While in one sense the idea of colours is a bit of a red (!) herring (it’s got nothing to do with why he was rejected by his friends), it does play an important role throughout the novel. Part of Tsukuru’s problem is that deep down he really does believe that he is colourless:
There must be something in him, something fundamental that disenchanted people. ‘Colorless Tsukuru Tazaki,’ he said aloud. I basically have nothing to offer to others. If you think about it, I don’t even have anything to offer myself.
At the beginning, the reader is fooled into seeing things the way Tsukuru does, but once we meet his former friends, we begin to realise that Tsukuru has a lot going for himself. They emphasise his good looks, his likeable nature, the way he acted as a glue to hold the group together – he just can’t see it himself. This is as true in real life as it is in the novel; it’s all too easy to think of others as ‘colourful’ and much brighter than ourselves…

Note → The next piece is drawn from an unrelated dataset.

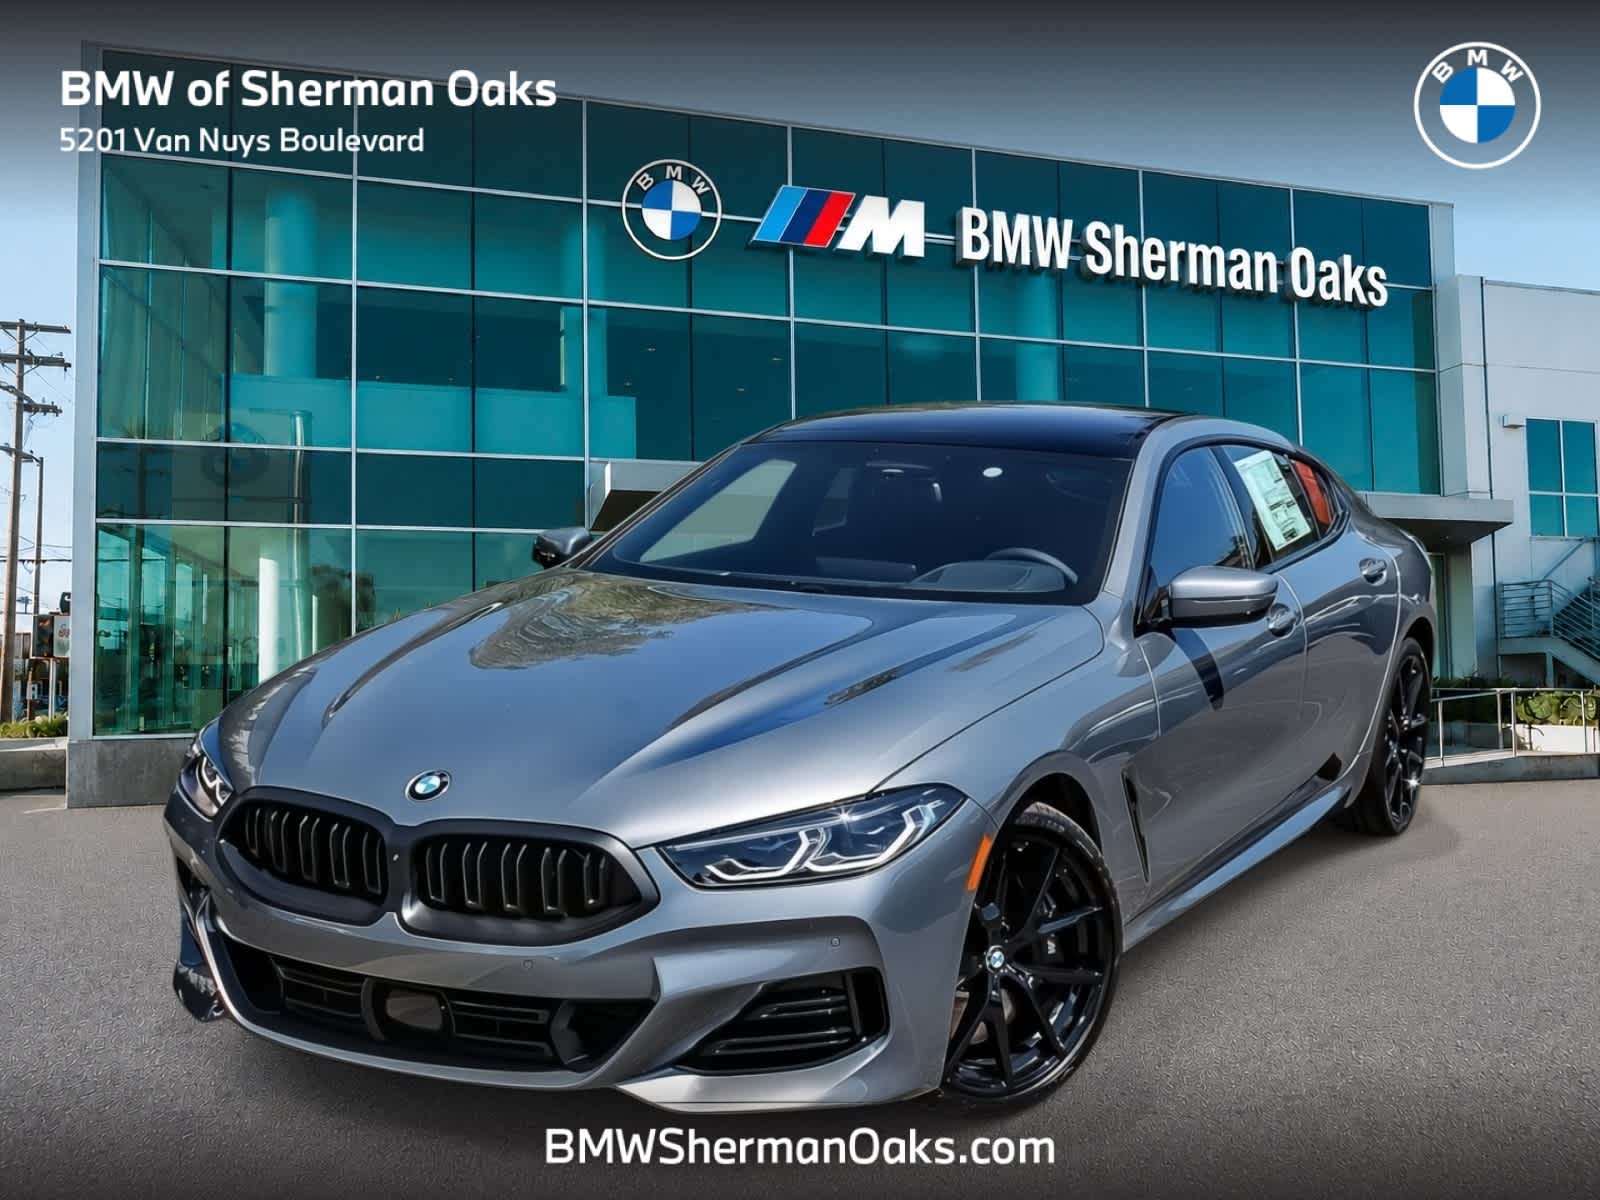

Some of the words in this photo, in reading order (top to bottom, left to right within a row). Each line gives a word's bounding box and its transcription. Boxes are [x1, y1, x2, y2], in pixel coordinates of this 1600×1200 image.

When the title first became known in English, many people thought that it would be simplified for the translation (it doesn’t exactly roll off the tongue…). However, it’s actually an important reflection of the content and themes of the novel, giving several clues as to what lies ahead. Quite apart from the colour aspect, there’s the significance of the name ‘Tsukuru’ (the Japanese verb for ‘make’ or ‘construct’), an apt name for a man destined to go out into the world to build train stations. The name was chosen, after considerable deliberation, by Tsukuru’s father, and it’s hard to avoid thinking that rather than Tsukuru choosing his path in life, his name – colourless as it is – decided that path for him.
The second part of the title is just as important, as the years of pilgrimage that it refers to are not just those Tsukuru spends searching for the truth. Liszt’s set of piano suites, Années de pèlerinage (which, in turn, takes its title from Goethe’s novel Wilhelm Meisters Wanderjahre), features heavily in the novel, and one haunting piece, ‘Le mal du pays’, acts as a kind of leitmotif, recurring throughout the book. Shiro played the piece constantly during her piano practice, and a later friend Haida (whose name contains the character for ‘grey’…) leaves the record of the suites at Tsukuru’s apartment. If Lazar Berman’s interpretation of Liszt’s work goes rocketing up the classical music charts, you’ll know why…
Having said all this, you might wonder what I actually thought of the book. Well, on completing my first read, I dashed off a quick tweet which said:
Really enjoyed this, a great book – the lovers will love it, and the haters will hate it.
And that pretty much sums it up (I could have saved myself the trouble of writing the review, really).
Oh, and in case you’re wondering, I’m most definitely on the side of the lovers…
Haruki Murakami, Colorless Tsukuru Tazaki and His Years of Pilgrimage (Harvill Secker: London, 2014; Vintage Paperback, July 2015). ISBN: 9780099590378, 304 pp., paperback.